# THE DATA
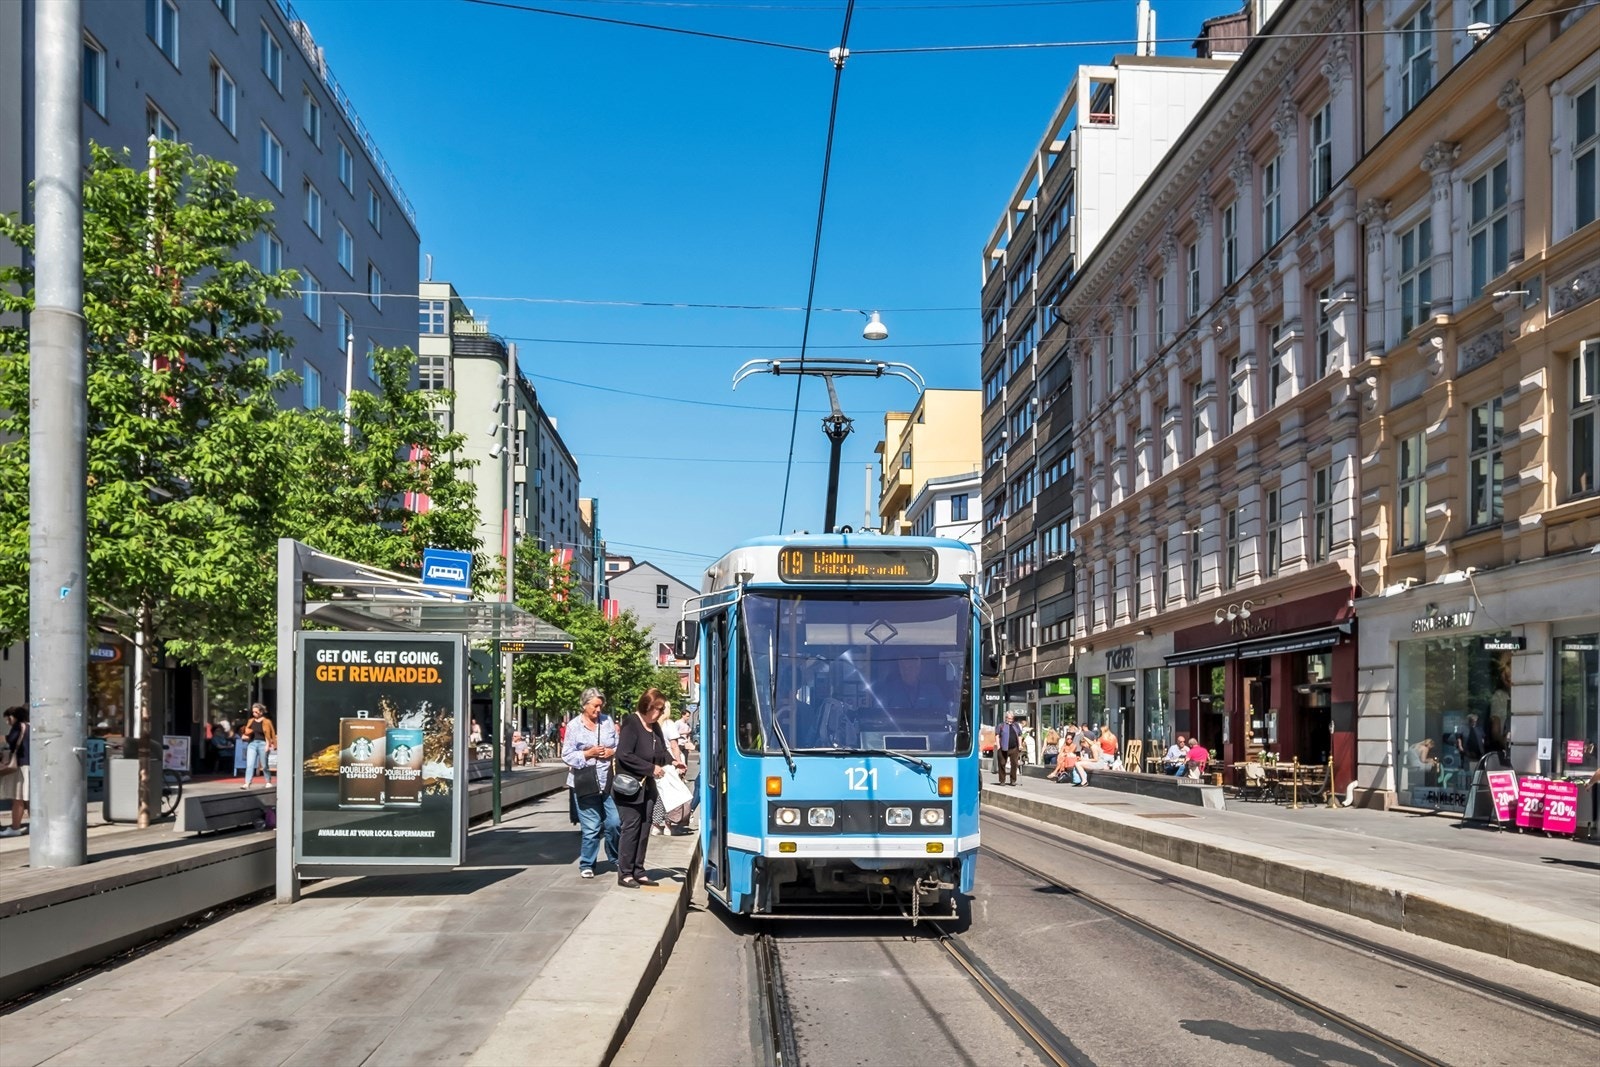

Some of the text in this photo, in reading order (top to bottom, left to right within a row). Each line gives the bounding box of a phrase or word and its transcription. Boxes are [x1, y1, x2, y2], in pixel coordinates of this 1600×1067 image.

[316, 649, 443, 664] GET ONE. GET GOING.
[316, 665, 442, 683] GET REWARDED.
[340, 766, 383, 774] DOUBLESHOT
[844, 767, 878, 791] 121
[1545, 800, 1576, 817] -20%
[318, 829, 436, 838] AVAILABLE AT YOUR LOCAL SUPERMARKET

# WHAT YOU ARE ASKED TO DO
Everything in the entries above should be returned exactly, apart from the pictures.

# SOLUTION BELOW
Some of the text in this photo, in reading order (top to bottom, left to right within a row). Each line gives the bounding box of a phrase or word and its transcription. Boxes are [x1, y1, x2, y2], in pixel coordinates of this 1600×1067 image.

[316, 649, 443, 664] GET ONE. GET GOING.
[316, 665, 442, 683] GET REWARDED.
[340, 766, 383, 774] DOUBLESHOT
[844, 767, 878, 791] 121
[1545, 800, 1576, 817] -20%
[318, 829, 436, 838] AVAILABLE AT YOUR LOCAL SUPERMARKET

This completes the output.